* YOUR TASK: Exact copy, pictures excluded: write out every line below.

* SUPPLIED ENTRIES:
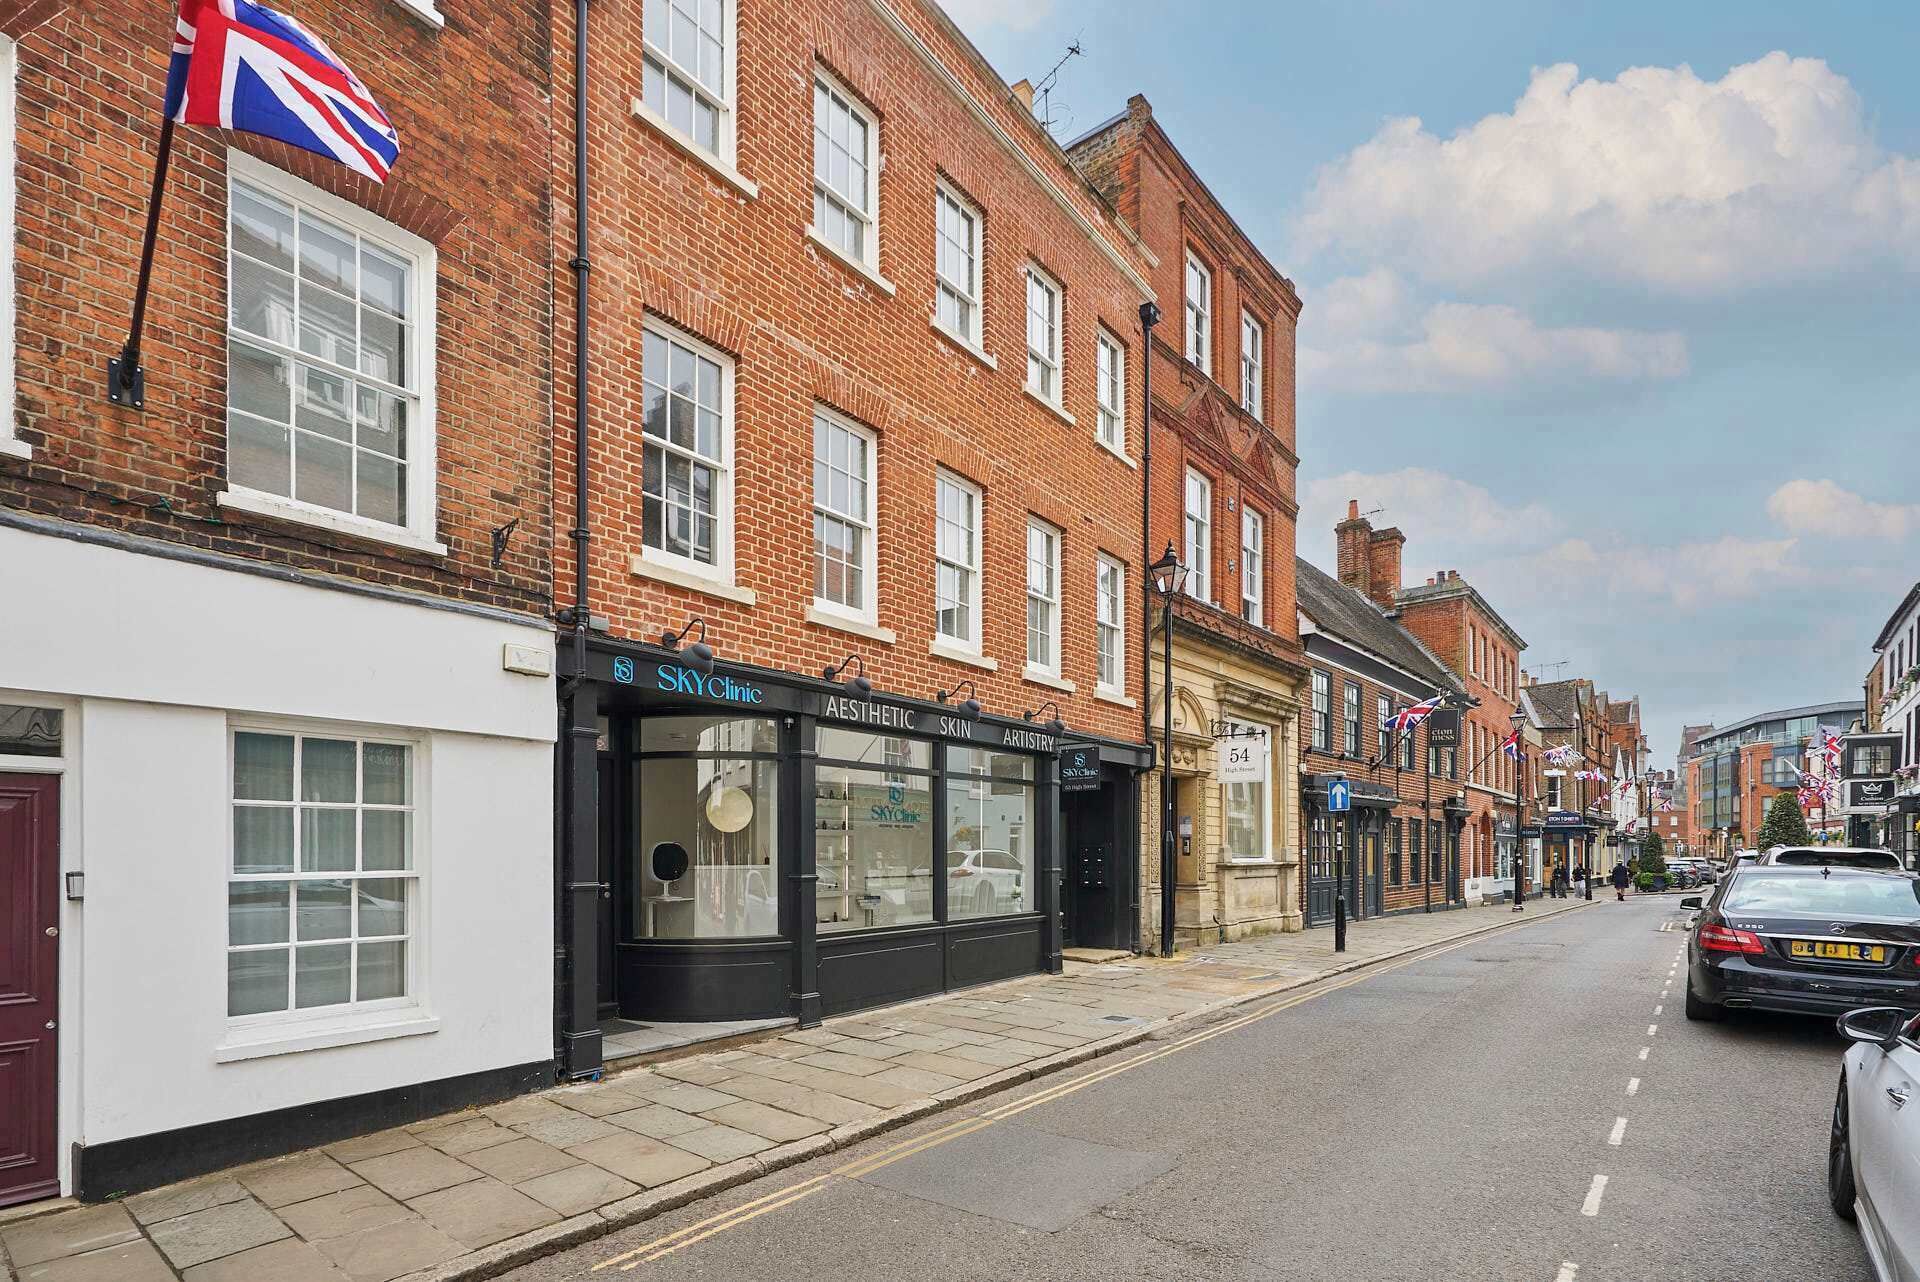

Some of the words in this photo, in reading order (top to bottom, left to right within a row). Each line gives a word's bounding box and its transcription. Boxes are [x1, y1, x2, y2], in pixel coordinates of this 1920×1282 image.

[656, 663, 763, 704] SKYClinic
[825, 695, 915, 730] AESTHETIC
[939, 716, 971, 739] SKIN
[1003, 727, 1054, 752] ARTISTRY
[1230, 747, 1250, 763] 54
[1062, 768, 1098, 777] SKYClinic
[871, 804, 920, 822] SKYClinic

* RESULT OF THIS TASK:
Some of the words in this photo, in reading order (top to bottom, left to right within a row). Each line gives a word's bounding box and its transcription. Boxes are [x1, y1, x2, y2], in pixel coordinates of this 1920×1282 image.

[656, 663, 763, 704] SKYClinic
[825, 695, 915, 730] AESTHETIC
[939, 716, 971, 739] SKIN
[1003, 727, 1054, 752] ARTISTRY
[1230, 747, 1250, 763] 54
[1062, 768, 1098, 777] SKYClinic
[871, 804, 920, 822] SKYClinic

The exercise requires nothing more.